Three gendarmes were shot and a fourth wounded after responding to a domestic violence in Puy-de-Dôme, west of Lyon, in the early hours of Wednesday.
The alleged shooter left the scene and triggered a chase. On Wednesday morning, Interior Minister Gérald Darmanin tweeted that “the madman was found dead.”
Earlier Wednesday, the minister released a statement expressing “deep sadness” in a statement following the deaths of Lieutenant Cyrille Morel, Commander Rémi Dupuis and Brigadier Arno Mavel of the Puy-de-Dôme Department Gendarmerie who were killed during an intervention for domestic violence.
CNN-affiliated BFM TV reported that police officers were shot dead by a 48-year-old man as they tried to rescue a woman who had sought refuge on the roof of a house. The house was set on fire, but the woman was rescued, BFM reported.
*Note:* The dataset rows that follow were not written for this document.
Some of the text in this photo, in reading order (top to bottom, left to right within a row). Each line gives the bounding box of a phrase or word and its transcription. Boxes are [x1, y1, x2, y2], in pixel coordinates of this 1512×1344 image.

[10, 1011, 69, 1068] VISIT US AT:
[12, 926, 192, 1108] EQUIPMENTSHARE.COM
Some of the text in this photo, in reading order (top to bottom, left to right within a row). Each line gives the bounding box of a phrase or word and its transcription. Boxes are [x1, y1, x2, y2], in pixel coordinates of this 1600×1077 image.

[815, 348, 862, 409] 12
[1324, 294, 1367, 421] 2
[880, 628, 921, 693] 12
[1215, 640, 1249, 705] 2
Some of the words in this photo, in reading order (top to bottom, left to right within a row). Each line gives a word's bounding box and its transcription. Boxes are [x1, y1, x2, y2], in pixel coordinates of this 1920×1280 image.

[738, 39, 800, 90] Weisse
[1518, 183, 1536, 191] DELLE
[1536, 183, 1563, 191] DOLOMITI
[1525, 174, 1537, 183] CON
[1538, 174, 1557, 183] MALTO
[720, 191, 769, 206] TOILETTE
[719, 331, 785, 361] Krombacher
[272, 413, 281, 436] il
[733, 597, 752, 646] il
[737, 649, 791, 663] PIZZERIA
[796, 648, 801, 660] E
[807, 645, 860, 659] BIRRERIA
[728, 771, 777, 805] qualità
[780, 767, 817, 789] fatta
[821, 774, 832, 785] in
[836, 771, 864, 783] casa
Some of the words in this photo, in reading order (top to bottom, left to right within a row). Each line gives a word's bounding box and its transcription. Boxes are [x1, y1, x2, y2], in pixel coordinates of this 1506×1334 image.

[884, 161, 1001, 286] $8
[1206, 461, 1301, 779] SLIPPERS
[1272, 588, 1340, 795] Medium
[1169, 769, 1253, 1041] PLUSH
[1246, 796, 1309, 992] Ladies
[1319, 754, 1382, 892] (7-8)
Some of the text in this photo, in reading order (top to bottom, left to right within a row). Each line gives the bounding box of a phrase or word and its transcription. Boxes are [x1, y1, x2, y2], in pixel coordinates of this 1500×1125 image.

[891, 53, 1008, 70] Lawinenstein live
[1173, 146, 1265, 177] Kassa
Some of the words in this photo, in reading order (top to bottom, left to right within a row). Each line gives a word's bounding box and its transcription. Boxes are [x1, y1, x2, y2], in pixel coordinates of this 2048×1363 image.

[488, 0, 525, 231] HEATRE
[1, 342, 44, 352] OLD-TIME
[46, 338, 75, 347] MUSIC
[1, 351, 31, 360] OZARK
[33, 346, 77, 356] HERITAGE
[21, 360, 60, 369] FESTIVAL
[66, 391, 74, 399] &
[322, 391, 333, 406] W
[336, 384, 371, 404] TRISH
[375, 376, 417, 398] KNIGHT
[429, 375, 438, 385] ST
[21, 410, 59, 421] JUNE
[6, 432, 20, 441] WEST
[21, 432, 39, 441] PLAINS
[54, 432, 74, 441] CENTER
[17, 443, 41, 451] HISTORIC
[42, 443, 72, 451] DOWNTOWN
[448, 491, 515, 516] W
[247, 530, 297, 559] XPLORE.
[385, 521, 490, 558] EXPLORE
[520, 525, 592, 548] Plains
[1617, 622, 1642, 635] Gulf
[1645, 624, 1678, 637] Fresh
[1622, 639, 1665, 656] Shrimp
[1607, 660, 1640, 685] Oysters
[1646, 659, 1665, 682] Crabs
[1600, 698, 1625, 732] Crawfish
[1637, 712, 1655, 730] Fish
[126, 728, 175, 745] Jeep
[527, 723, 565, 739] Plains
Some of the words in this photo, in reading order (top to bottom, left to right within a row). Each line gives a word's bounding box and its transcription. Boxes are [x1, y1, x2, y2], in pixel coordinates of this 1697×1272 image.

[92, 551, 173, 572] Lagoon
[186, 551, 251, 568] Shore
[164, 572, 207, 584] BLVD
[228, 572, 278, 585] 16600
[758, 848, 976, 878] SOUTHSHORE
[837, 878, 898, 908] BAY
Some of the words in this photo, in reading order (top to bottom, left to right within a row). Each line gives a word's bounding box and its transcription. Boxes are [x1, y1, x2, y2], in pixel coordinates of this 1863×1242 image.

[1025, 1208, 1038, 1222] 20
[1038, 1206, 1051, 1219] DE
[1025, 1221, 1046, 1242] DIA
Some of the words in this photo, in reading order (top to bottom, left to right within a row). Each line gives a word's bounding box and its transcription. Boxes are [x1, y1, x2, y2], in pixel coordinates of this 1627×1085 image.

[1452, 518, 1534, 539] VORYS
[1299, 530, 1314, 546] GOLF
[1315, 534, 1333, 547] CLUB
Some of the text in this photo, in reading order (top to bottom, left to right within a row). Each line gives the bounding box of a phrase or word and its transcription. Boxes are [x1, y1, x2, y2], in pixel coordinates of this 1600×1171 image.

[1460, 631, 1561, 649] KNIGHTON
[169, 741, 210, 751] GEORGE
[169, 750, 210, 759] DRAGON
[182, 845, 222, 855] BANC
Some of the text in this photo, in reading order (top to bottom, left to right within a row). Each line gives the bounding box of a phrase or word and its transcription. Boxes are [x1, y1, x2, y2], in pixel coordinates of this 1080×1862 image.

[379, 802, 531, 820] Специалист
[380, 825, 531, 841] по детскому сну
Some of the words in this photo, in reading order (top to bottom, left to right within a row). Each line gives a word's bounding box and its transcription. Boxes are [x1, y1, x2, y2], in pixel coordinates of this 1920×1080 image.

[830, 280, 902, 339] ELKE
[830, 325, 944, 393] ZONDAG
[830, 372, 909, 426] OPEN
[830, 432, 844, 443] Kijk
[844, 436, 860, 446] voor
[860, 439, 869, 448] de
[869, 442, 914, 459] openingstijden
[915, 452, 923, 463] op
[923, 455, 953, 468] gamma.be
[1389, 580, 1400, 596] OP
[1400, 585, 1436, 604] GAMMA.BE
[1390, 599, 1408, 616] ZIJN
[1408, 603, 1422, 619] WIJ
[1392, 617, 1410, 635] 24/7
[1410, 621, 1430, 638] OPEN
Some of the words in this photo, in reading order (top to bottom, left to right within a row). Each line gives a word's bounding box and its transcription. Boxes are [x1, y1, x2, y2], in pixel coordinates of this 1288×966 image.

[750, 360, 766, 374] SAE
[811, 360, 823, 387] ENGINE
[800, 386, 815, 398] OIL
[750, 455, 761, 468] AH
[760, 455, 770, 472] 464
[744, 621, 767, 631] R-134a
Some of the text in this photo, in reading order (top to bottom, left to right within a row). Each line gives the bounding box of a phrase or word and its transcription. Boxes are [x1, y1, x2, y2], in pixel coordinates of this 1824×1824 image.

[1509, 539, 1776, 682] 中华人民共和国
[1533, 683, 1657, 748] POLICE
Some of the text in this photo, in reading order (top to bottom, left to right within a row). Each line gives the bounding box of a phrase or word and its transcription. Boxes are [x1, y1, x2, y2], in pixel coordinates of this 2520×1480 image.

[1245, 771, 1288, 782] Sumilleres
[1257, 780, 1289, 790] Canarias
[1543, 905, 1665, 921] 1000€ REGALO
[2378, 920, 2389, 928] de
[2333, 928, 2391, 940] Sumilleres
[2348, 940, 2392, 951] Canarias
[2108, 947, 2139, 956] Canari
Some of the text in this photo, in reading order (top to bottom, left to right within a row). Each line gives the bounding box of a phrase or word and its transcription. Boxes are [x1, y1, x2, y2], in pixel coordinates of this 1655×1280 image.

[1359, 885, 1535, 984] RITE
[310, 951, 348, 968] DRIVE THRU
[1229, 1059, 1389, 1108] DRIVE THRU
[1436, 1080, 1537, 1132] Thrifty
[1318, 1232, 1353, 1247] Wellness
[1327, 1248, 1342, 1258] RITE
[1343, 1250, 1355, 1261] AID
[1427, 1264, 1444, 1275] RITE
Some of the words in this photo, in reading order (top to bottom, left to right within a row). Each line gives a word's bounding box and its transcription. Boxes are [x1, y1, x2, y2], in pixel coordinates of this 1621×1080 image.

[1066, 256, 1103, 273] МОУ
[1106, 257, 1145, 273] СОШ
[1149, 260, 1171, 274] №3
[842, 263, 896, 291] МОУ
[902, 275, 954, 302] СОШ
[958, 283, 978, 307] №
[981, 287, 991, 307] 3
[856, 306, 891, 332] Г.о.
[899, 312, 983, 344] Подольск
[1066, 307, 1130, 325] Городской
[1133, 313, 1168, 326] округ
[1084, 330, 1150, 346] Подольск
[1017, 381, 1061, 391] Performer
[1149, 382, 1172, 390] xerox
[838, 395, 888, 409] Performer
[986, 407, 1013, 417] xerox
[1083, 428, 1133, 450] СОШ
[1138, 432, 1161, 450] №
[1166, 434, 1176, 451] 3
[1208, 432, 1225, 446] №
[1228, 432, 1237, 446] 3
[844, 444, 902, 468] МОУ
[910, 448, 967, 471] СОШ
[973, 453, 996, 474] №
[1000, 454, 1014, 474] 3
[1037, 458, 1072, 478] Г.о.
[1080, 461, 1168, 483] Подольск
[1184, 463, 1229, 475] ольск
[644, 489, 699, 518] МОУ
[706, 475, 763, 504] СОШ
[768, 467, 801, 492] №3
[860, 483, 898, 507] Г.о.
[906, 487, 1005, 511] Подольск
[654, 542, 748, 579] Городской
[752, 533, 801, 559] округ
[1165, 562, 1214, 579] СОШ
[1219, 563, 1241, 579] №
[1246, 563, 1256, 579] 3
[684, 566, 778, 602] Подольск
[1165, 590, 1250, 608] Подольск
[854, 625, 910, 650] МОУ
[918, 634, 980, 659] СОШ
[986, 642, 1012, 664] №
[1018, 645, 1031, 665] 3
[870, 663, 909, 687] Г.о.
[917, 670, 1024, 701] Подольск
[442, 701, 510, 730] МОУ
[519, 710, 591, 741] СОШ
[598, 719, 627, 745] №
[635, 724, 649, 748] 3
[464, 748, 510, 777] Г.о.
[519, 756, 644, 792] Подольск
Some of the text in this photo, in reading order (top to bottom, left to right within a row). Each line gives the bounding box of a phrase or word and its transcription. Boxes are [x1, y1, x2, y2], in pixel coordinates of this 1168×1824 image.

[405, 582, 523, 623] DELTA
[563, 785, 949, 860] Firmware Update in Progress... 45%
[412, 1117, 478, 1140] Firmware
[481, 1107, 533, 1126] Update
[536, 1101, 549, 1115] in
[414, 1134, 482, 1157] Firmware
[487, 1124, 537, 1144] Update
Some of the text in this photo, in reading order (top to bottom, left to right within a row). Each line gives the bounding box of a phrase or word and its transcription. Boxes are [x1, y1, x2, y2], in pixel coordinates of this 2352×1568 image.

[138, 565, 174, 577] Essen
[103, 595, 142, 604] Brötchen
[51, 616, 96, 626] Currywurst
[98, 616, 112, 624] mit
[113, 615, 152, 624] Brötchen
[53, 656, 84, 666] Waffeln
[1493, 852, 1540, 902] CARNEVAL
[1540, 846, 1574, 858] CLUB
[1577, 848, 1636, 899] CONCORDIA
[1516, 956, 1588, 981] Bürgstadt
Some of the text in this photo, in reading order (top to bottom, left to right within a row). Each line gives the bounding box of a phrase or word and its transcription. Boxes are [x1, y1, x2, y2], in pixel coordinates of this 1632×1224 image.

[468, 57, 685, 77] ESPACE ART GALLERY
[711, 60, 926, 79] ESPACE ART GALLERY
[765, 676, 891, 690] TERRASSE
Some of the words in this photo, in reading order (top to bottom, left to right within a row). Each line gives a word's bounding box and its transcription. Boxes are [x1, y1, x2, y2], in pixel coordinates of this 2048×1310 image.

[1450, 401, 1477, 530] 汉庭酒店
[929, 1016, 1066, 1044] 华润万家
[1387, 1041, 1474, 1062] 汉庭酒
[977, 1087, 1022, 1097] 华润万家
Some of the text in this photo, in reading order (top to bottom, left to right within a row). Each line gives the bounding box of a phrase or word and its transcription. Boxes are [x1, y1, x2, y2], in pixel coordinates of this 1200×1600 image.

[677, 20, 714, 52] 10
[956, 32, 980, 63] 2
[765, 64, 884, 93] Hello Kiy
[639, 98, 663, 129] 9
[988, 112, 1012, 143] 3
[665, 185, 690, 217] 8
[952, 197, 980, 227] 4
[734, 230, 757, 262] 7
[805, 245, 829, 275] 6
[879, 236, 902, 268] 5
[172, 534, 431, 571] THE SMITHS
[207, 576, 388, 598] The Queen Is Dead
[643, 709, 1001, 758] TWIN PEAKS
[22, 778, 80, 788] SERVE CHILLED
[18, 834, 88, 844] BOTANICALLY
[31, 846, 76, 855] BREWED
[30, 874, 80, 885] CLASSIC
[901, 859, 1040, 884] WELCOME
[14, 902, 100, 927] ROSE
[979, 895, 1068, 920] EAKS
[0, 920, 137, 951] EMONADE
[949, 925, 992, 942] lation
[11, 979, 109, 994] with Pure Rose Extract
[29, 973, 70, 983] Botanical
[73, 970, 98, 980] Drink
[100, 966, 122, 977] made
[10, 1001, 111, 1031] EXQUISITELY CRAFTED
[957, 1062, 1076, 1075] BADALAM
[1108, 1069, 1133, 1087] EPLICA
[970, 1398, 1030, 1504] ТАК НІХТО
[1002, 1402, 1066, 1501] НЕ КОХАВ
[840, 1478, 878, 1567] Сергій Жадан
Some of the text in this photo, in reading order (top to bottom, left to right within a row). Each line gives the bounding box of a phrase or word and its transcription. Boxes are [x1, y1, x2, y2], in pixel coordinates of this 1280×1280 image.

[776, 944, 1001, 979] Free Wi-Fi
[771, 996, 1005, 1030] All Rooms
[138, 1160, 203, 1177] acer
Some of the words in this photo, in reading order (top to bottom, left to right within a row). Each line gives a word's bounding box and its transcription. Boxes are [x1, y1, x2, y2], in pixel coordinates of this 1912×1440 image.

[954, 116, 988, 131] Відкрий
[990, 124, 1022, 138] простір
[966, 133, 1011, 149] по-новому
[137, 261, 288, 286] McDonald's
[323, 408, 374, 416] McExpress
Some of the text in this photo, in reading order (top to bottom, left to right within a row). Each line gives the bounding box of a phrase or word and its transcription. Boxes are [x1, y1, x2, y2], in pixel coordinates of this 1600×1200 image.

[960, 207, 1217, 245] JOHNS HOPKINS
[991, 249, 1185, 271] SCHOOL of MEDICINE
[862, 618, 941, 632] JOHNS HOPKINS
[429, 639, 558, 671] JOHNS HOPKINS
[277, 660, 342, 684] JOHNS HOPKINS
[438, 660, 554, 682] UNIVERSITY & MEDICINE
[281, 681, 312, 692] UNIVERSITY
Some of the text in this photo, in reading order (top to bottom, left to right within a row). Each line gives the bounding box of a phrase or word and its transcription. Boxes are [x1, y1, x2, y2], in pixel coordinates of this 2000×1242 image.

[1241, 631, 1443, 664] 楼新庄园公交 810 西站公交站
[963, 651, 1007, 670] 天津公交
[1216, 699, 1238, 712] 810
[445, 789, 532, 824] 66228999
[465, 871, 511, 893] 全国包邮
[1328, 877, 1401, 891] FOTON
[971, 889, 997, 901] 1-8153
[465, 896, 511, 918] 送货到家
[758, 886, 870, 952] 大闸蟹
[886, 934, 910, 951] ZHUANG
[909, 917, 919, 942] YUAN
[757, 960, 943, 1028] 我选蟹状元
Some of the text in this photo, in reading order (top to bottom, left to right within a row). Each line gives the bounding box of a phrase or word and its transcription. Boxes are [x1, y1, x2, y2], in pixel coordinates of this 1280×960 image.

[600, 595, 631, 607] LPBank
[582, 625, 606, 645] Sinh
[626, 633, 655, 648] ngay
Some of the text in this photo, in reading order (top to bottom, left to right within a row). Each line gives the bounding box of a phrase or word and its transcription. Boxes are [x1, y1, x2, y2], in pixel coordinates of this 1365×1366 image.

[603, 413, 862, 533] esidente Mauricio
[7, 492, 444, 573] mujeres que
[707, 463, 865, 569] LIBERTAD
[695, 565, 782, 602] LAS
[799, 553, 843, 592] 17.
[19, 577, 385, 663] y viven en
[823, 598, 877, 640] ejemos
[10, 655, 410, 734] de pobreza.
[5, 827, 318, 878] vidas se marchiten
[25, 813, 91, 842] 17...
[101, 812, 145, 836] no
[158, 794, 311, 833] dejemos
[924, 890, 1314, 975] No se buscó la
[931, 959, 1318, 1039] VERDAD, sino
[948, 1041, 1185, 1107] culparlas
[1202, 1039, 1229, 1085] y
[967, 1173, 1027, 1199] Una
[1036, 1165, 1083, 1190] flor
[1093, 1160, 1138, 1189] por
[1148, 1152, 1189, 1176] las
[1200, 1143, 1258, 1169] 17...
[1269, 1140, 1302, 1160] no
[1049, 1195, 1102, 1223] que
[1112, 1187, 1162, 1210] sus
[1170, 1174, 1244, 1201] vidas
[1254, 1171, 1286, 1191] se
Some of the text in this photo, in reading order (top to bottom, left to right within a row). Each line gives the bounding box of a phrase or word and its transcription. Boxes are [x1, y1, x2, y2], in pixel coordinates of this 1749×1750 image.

Further details about the suspect’s death have not yet been released.
“Encouraged to intervene to help a woman who had been beaten by her husband, the gendarmes (officers), in circumstances not yet clarified, were shot at by the man and returned,” the interior minister’s statement said.
The statement said Mavel, 21, was seriously injured and subjected to his injuries. The two other officers who conducted a reconnaissance against the house were again caught in the shot. Morel, 45, and Dupuis, 37, were fatally wounded. A fourth officer who was wounded in the thigh is being cared for by the emergency services; his life is not in danger.
On Twitter, French Prime Minister Jean Castex wrote that “this tragedy is affecting us all and saddening the whole country.”
Correction: An earlier version of this story misspelled the first name of Lieutenant Cyrille Morel.